IM: On the contrary, Conte’s speech is quite emotional, yet firm and authoritative. He doesn’t talk at lengths about experts, but only briefly introduces one, whom he appoints to strengthen hospitals’ ability to cope with the situation. He starts his speech by thanking ‘doctors, healthcare professionals, and researchers’ who are working to ‘fight the health emergency and cure our sick people’. Especially in the first part of the speech, thus before announcing the lockdown, his focus is mostly on the sacrifices everyone is making individually for the well-being of the collectivity. As he explains, this moment is first and foremost a health crisis that, at the same time, ‘concerns the stability of our economy, of our production fabric made up of small and medium-sized enterprises.’ Before announcing the need to implement stricter measures that limit individual freedoms massively, Conte makes explicit that ‘In the first place there is and there will always be the health of Italians.’
EB: Rutte also talks about how the virus is impacting on national icons like KLM, people’s jobs, as well as entrepreneurs. He makes a promise to businesses and their employees (that is how he formulates it); that the cabinet will do what is necessary to support them. His speech is 1439 words and 138 words are devoted to the economy and supporting the economy. How does Conte talk about the economy and the government’s role here?
IM: Conte talks about the economy, but only a little, especially when compared to Rutte. He acknowledges that he is asking a lot, even more so in an economic context in which medium-sized and small businesses are very important. Other references to ‘the economy’ can be found in his explanation of how the lockdown will work, which activities can continue, why and under which conditions.

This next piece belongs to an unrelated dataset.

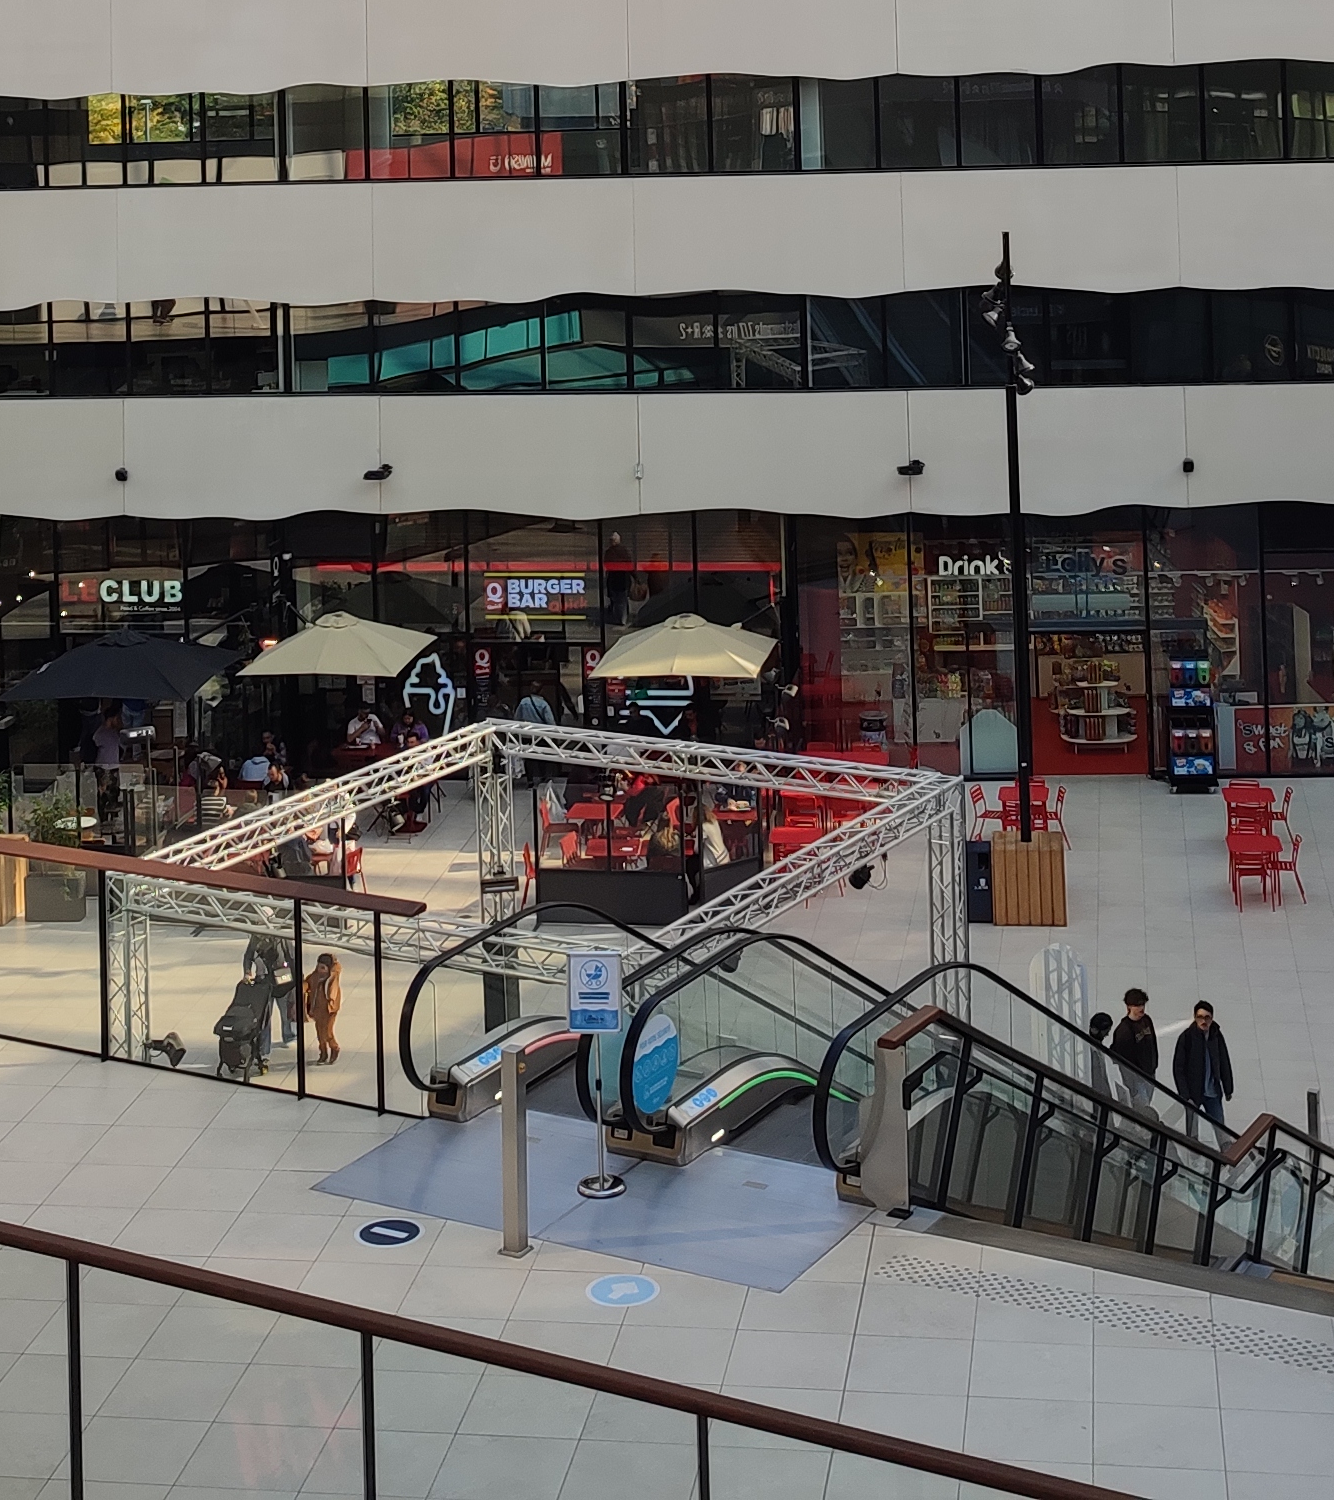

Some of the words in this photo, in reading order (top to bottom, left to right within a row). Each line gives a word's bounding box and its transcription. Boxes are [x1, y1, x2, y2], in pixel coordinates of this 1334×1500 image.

[99, 579, 183, 603] CLUB
[508, 579, 585, 594] BURGER
[508, 594, 548, 608] BAR

EB: Analyzing how countries respond differently is a precarious task, which can easily lead to the reproduction of stereotypical notions of ‘national culture’. We are no medical experts, but we are presented with what seems contradictory expert advice with major consequences for our lives. It does seem that cultural differences play a role in how experts, governments, and citizens respond to the virus and its uncertainties.
IM: Uncertainty plays a big role. To make decisions now is not an easy business and in order to make these very complex decisions people do draw on their worldviews. Yet, as anthropologists we may see not only cultural differences, but also the moralities that underlie the production and application of expert knowledge.
Irene Moretti and Erik Bähre do research on the morality of insurance as part of the Moralising Misfortune project, PI Erik Bähre, funded by the European Research Council (ERC) under the Horizon 2020 Research and Innovation Programme (Grant Agreement No. 682467).